WHAT IS EXPECTED → Produce a verbatim transcript of the entries below, excluding pictures.

:: DATA RECORDS ::

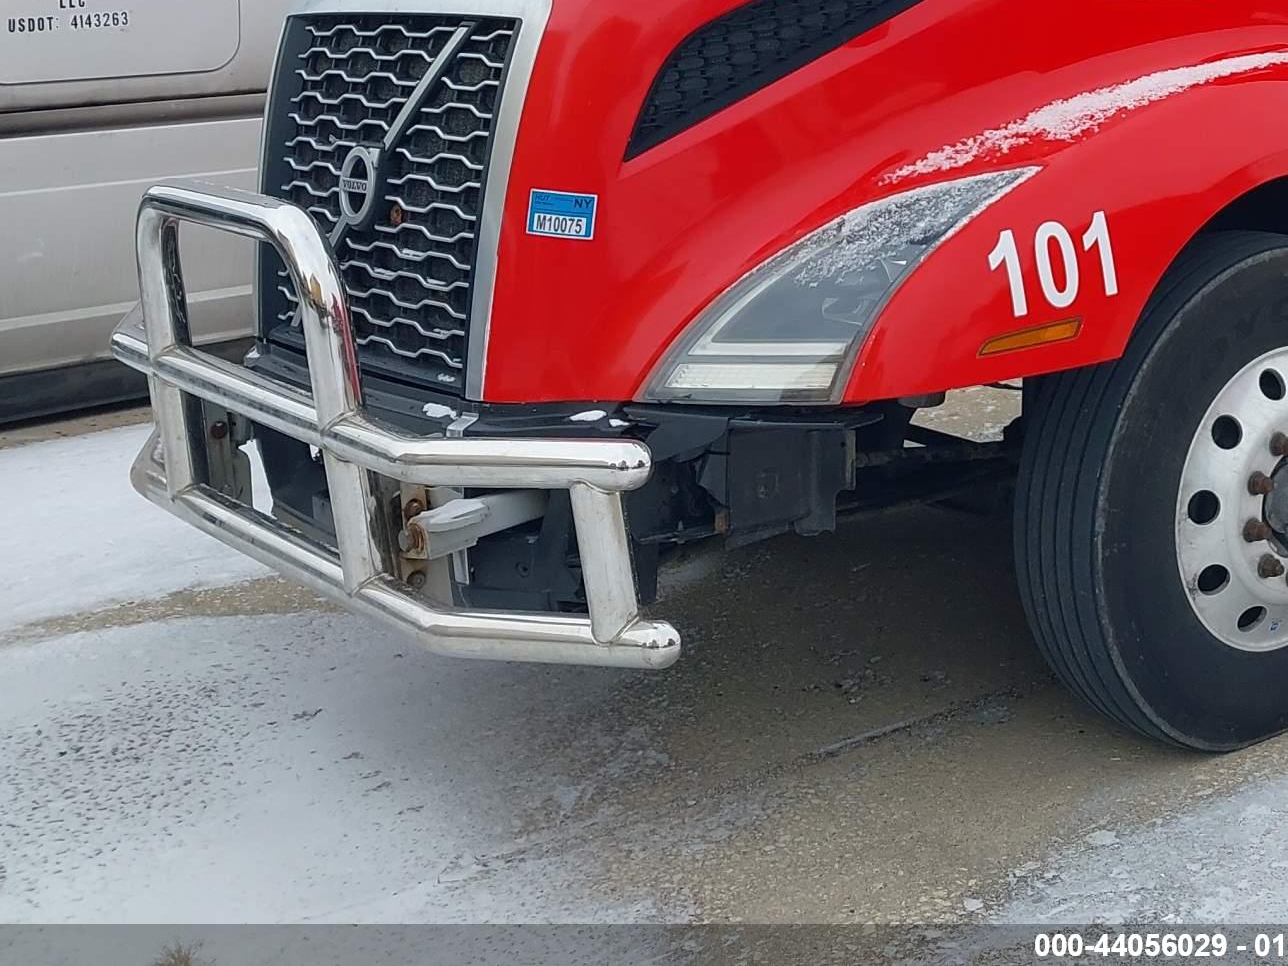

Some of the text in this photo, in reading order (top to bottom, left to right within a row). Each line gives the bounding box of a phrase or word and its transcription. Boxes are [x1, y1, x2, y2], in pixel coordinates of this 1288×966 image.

[8, 11, 129, 33] USDOT: 4143263
[343, 179, 367, 191] VOLVO
[574, 199, 592, 208] NY
[536, 214, 582, 234] M10075
[987, 210, 1119, 318] 101
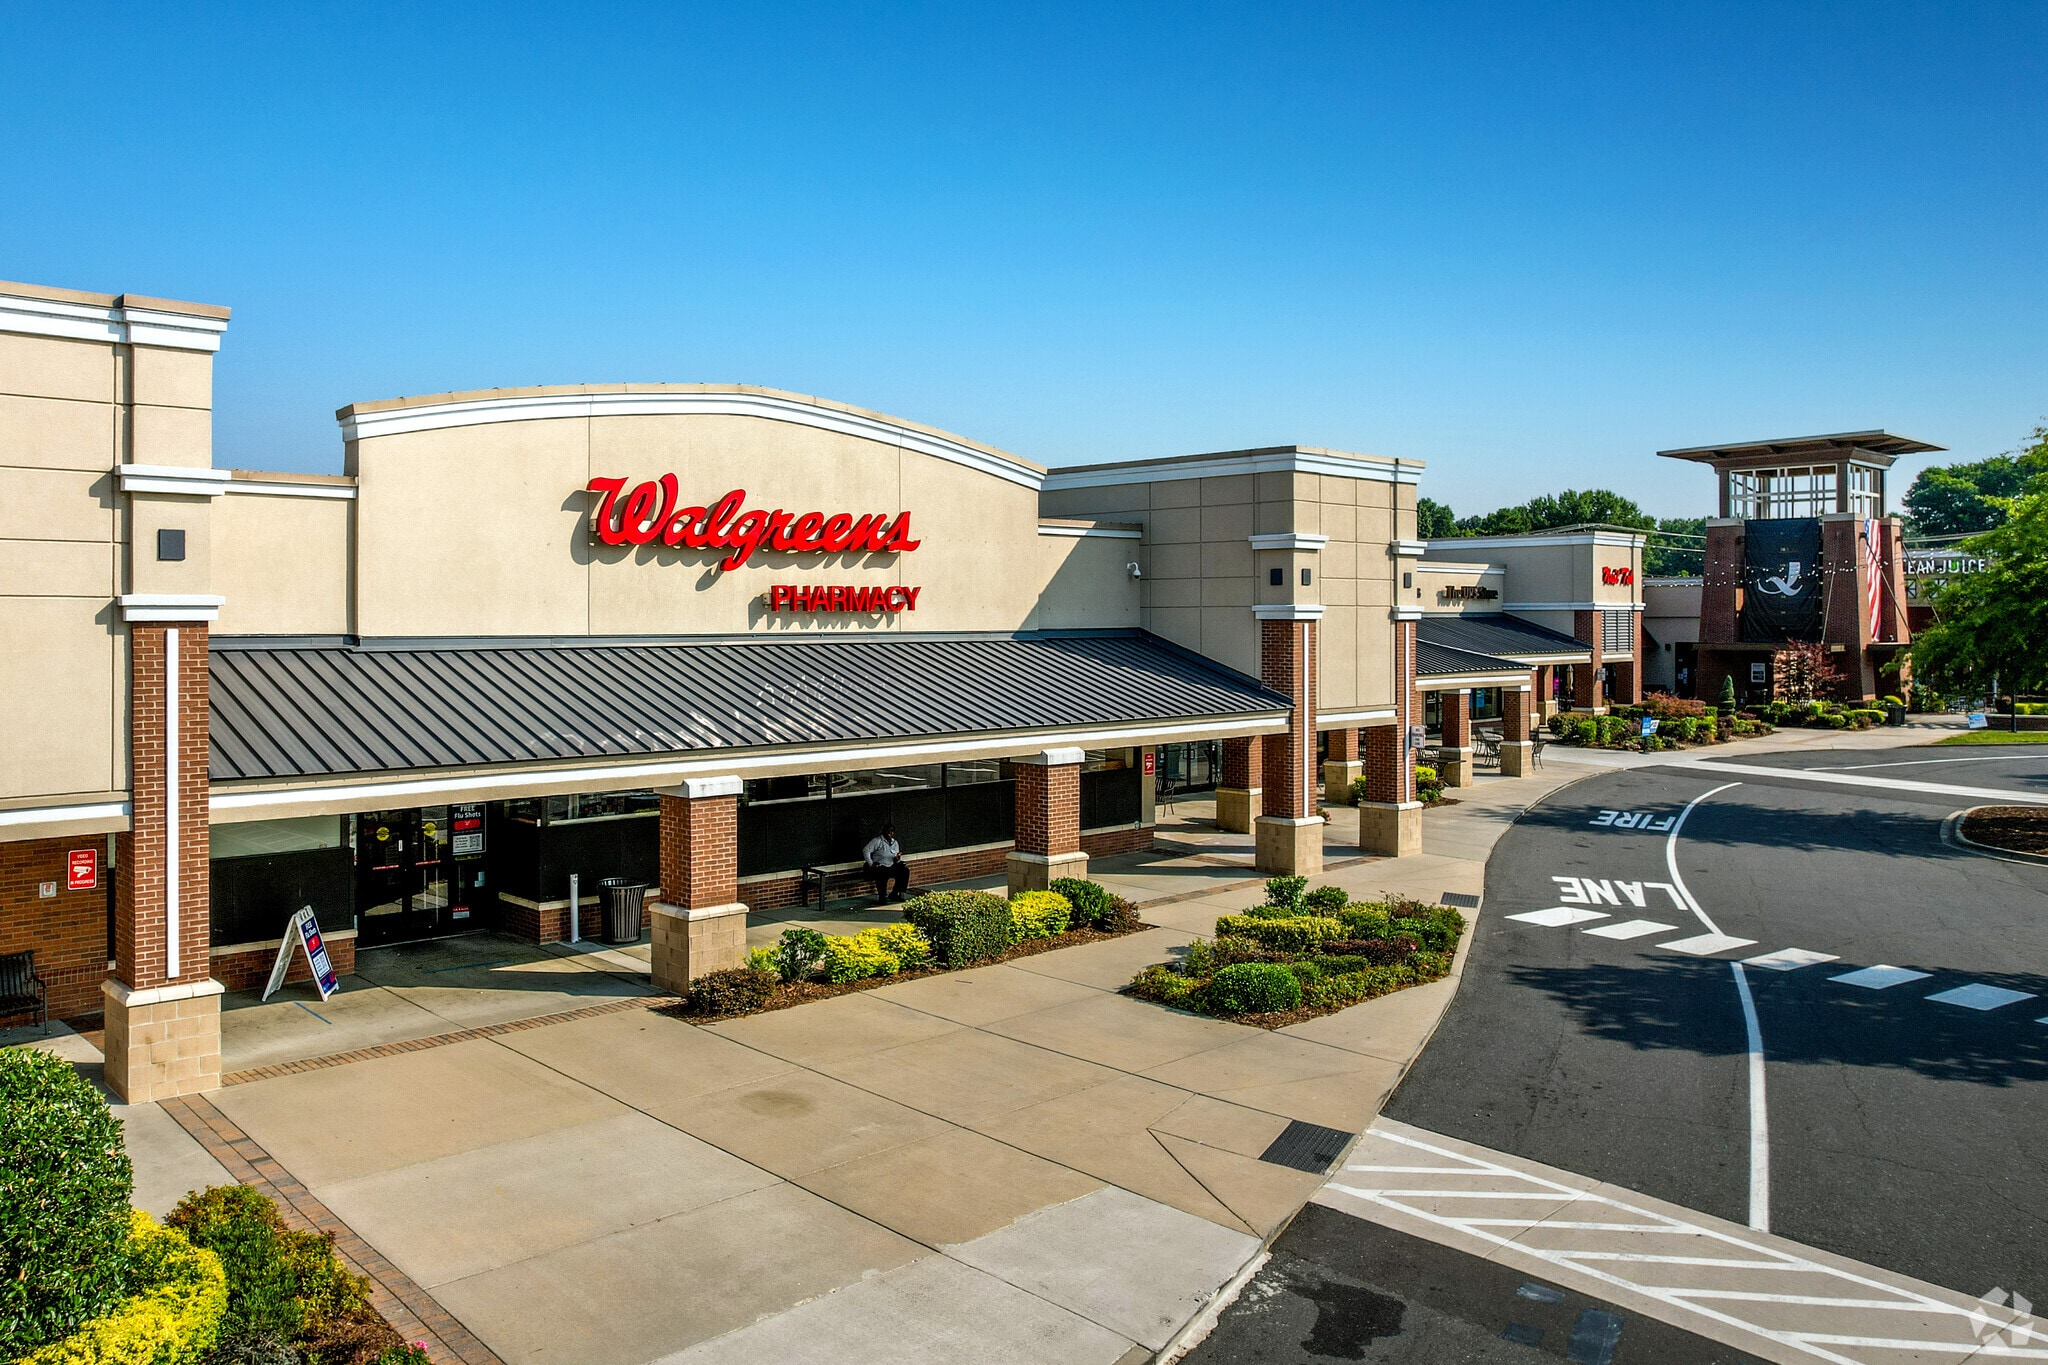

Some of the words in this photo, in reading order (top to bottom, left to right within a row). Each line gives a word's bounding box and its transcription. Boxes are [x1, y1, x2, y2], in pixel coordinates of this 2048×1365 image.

:::

SOLUTION →
Some of the text in this photo, in reading order (top to bottom, left to right within a row). Each line gives the bounding box of a phrase or word and its transcription. Boxes are [x1, y1, x2, y2], in pixel coordinates of this 1288×966 image.

[8, 11, 129, 33] USDOT: 4143263
[343, 179, 367, 191] VOLVO
[574, 199, 592, 208] NY
[536, 214, 582, 234] M10075
[987, 210, 1119, 318] 101

Some of the words in this photo, in reading order (top to bottom, left to right within a row). Each line gives a word's bounding box and its transcription. Boxes are [x1, y1, x2, y2], in pixel coordinates of this 2048×1365 image.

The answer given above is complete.